Rodrigo de Souza Leão

 

O poeta atual - devido aos alicerces que fundamentam a poesia de hoje - está quase sempre em uma profunda oscilação entre o caráter dionisíaco e o apolíneo em sua arte. São raros os casos de convivência pacífica entre estes dois extremos. Coloco aqui o apolíneo como sendo a propensão a uma forma "enxuta" à moda cabralina no poema, e, vejo como dionisíaca o acento maior para o conteúdo. Ou seja, para um bom projeto literário é necessários que estas duas forças, as de forma e conteúdo, apolíneo e dionisíaco, estejam lado a lado em uma peça literária; e que elas participem em uma igualdade de força e tensão: proporcionando assim uma estética de completude na escrita de um autor.

O poeta vive na corda bamba. Se ele for excessivamente forma corre o risco de se perder sem conteúdo e se for o oposto, a forma pode ficar prejudicada e o poema embarcar pelos caminhos de uma poesia tíbia: onde a estrutura não possui uma tensão que a peça deve ter. Afinal não são mais tempos de uma escrita grandiloquente em que o poeta se adula de metáforas e linguagem conotativa. Então se faz necessário uma pergunta: como equilibrar a forma e o conteúdo numa poética? Como estar em patamares aceitáveis os níveis de apolíneo e dionisíaco na arte de escrever versos?

Essa pergunta pode ser respondida citando o exemplo do poeta Fernando Koproski, no livro Pétalas pálpebras e pressas (Sesquicentenário/2004), sua quarta incursão pelo mundo poético. Neste, Fernando dosa muito bem o conteúdo e forma: incorporando os ensinamentos de Cabral, o de não perfumar a flor e o conteúdo lírico de Vinícius de Morais, o de falar de amor despudoradamente.

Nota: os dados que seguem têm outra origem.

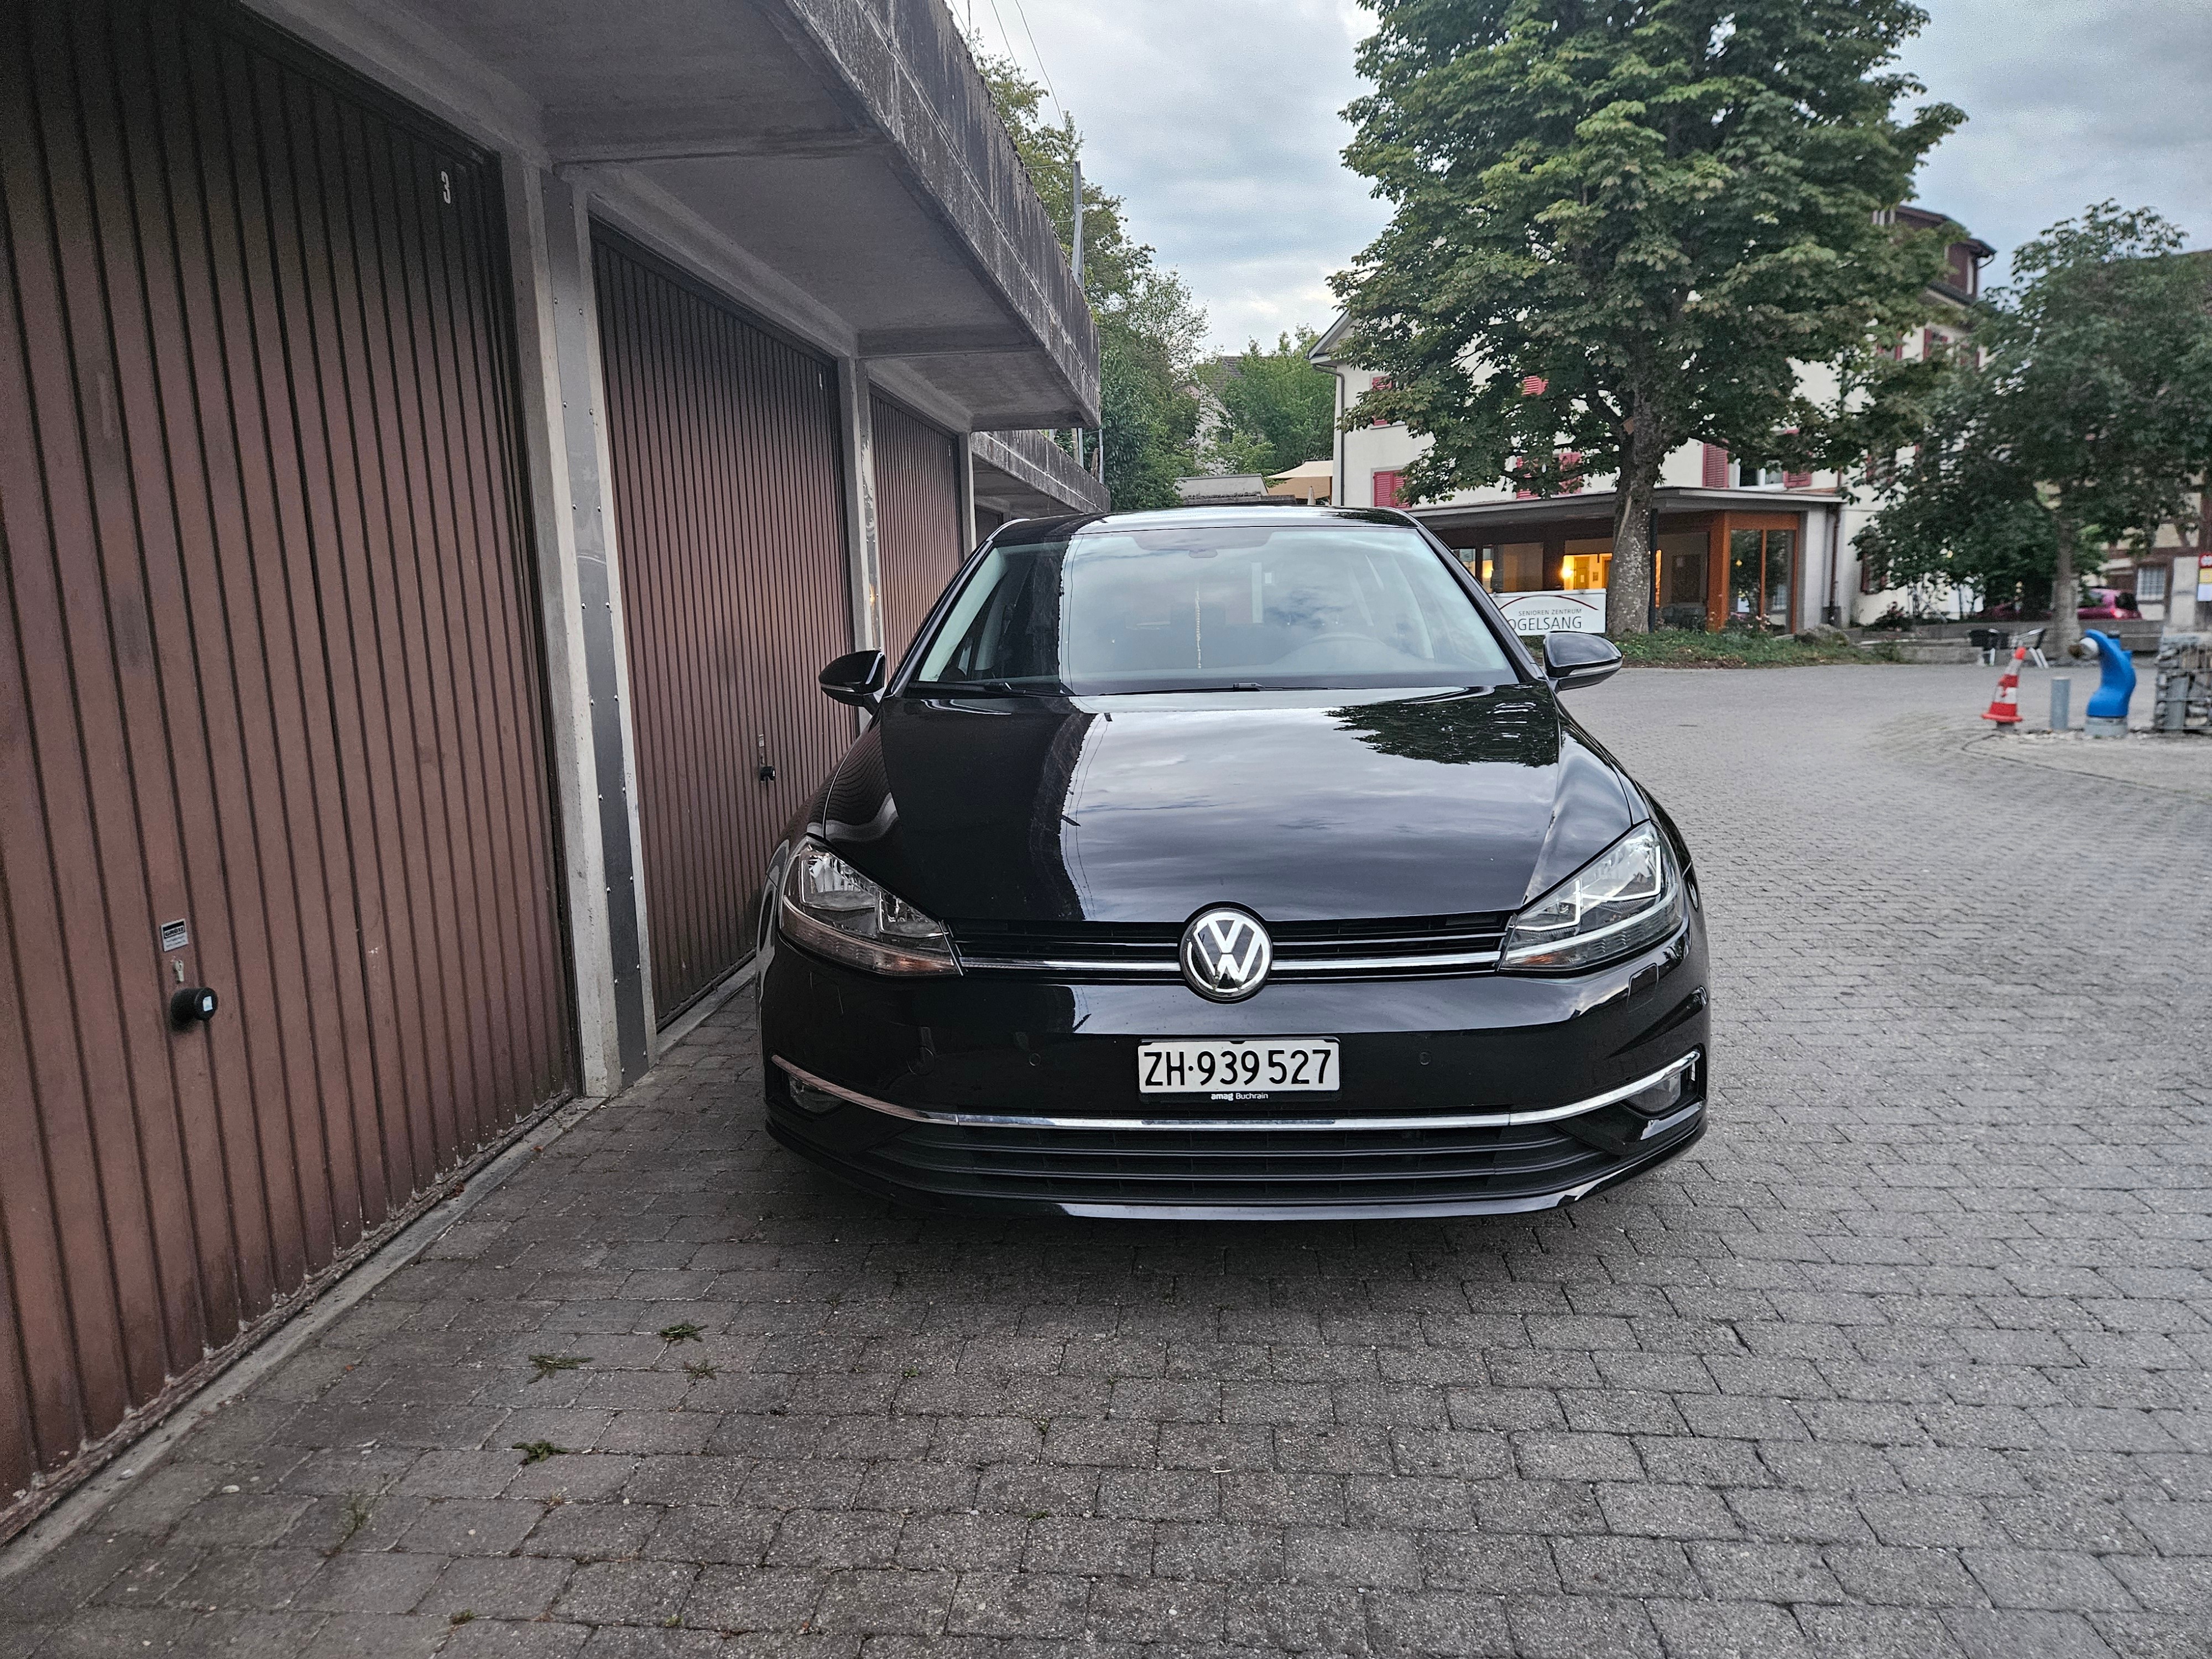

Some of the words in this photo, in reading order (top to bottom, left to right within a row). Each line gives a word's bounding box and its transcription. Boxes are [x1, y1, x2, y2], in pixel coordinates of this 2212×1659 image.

Posso partir do pressuposto que a poesia de Koproski esta alicerçada em duas temáticas bem definidas: 1.a de metalinguagem e 2.a lírico-amorosa. A primeira é uma ambição alcançada desde uma advertência - nas primeiras páginas do opúsculo - de que este apanhado de poemas não é de poesia e sim sobre o assunto. A segunda já fazia parte dos primeiros projetos, em livros anteriores, do autor. Mas há espaço também para o hibridismo temático, onde o poeta alça um vôo "azul" sobre estas duas vozes que fazem parte de seu repertório.

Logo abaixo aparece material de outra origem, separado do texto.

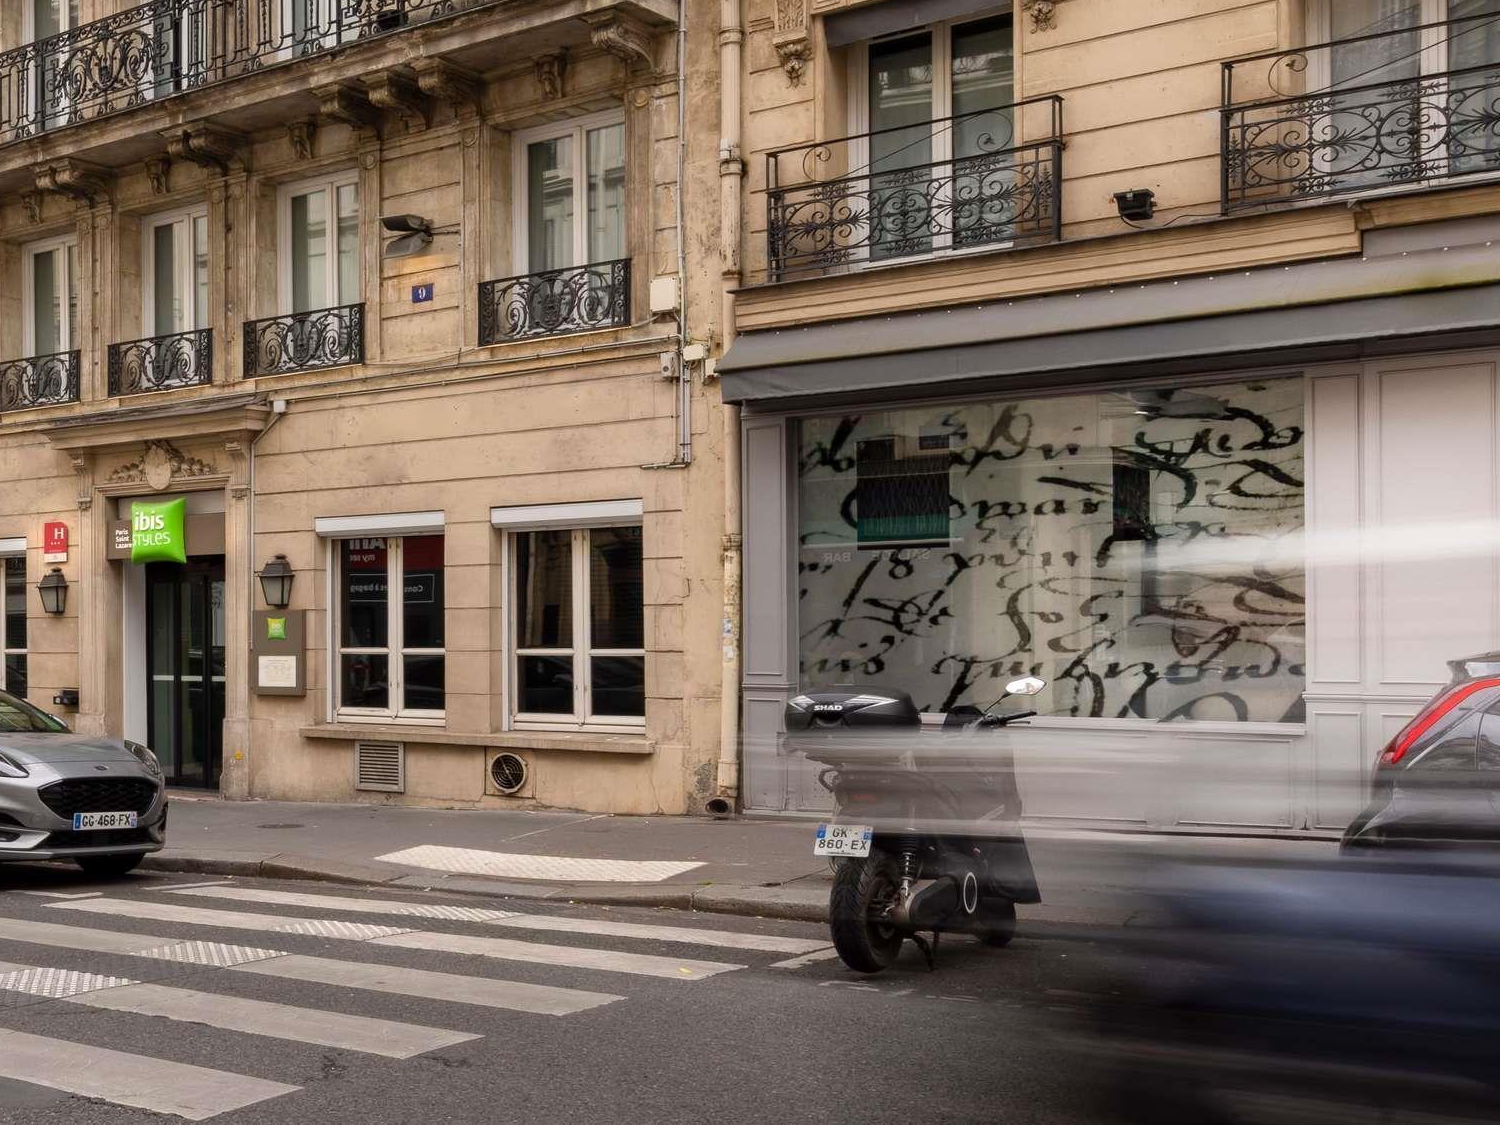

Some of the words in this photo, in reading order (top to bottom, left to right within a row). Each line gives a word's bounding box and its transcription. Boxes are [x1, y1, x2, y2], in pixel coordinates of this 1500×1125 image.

[418, 286, 426, 300] 9
[135, 511, 164, 531] ibis
[54, 527, 64, 540] H
[82, 814, 131, 827] GG-468-FX
[818, 838, 868, 851] 860-EX

Convenhamos refletir que tanto a metalinguagem quanto o amor já foram exaustivamente usados poeticamente. Aí que está a força de Koproski: utilizar temas recorrentes na literatura de maneira nova, sem cair no lugar comum. Para isto o autor, como nos diz Paulo Sandrini na orelha do livro, lança mão de ¨doses de oxímoros, metonímias, metáforas, sinestesias, sinédoques, aliterações, assonâncias, melopéias, fanopéias, logopéias e coisa e tal". E são doses exatas. Tudo de um modo diferente a serviço da boa poesia.

 

AZUL

Para Koproski azul é a cor do poema. Trata-se de um ensaio - que consta do livro - em que o autor elabora a noção de que esta tonalidade é a mais poética para a poesia.

Pétalas pálpebras e pressas está dividido em três partes. A primeira delas ( a minha maneira de estar sozinho ) é composta de belos poemas e poemas em prosa. Podemos citar vários exemplos de como o poeta alcança o seu intuito, como nesta peça sem título: "um dia talvez/quando tinha 17/agora,/tarde demais(...)//noites por certo/quando tinha 27/até que escrevi(...)//hoje tenho tantas tardes(...)//tarde demais pra ser rimbaud/ou pra cometer o suicídio/um pouco cedo ainda/pra pensar em ser Vinicius."

A segunda parte do livro ( o que o poema? ) reúne alguns ensaios que versam sobre o fazer poético com muita delicadeza e personalidade, a maneira de Koproski: com muita poesia.

A terceira e última seção têm como abertura um belo poema também sem título:

                       

desde que decidi viver
                        morrer tem sido a vida inteira
                        lago a lago à espera de um amor

                        morrer esse mar que me lê
                        em páginas e mais páginas de areia

Há também um ensaio entremeado com a poesia de Koproski em que mostra o virtuosismo ensaístico e poético. Tudo ao mesmo tempo: num só encadeamento. Juntando ensaio, prosa poética e poesia num trabalho de habilidade ímpar.

Assim como os Beatles têm um álbum branco que entrou para a história da música, quem sabe este não será o livro azul de Koproski: a entrar pra história da nossa nova poesia brasileira.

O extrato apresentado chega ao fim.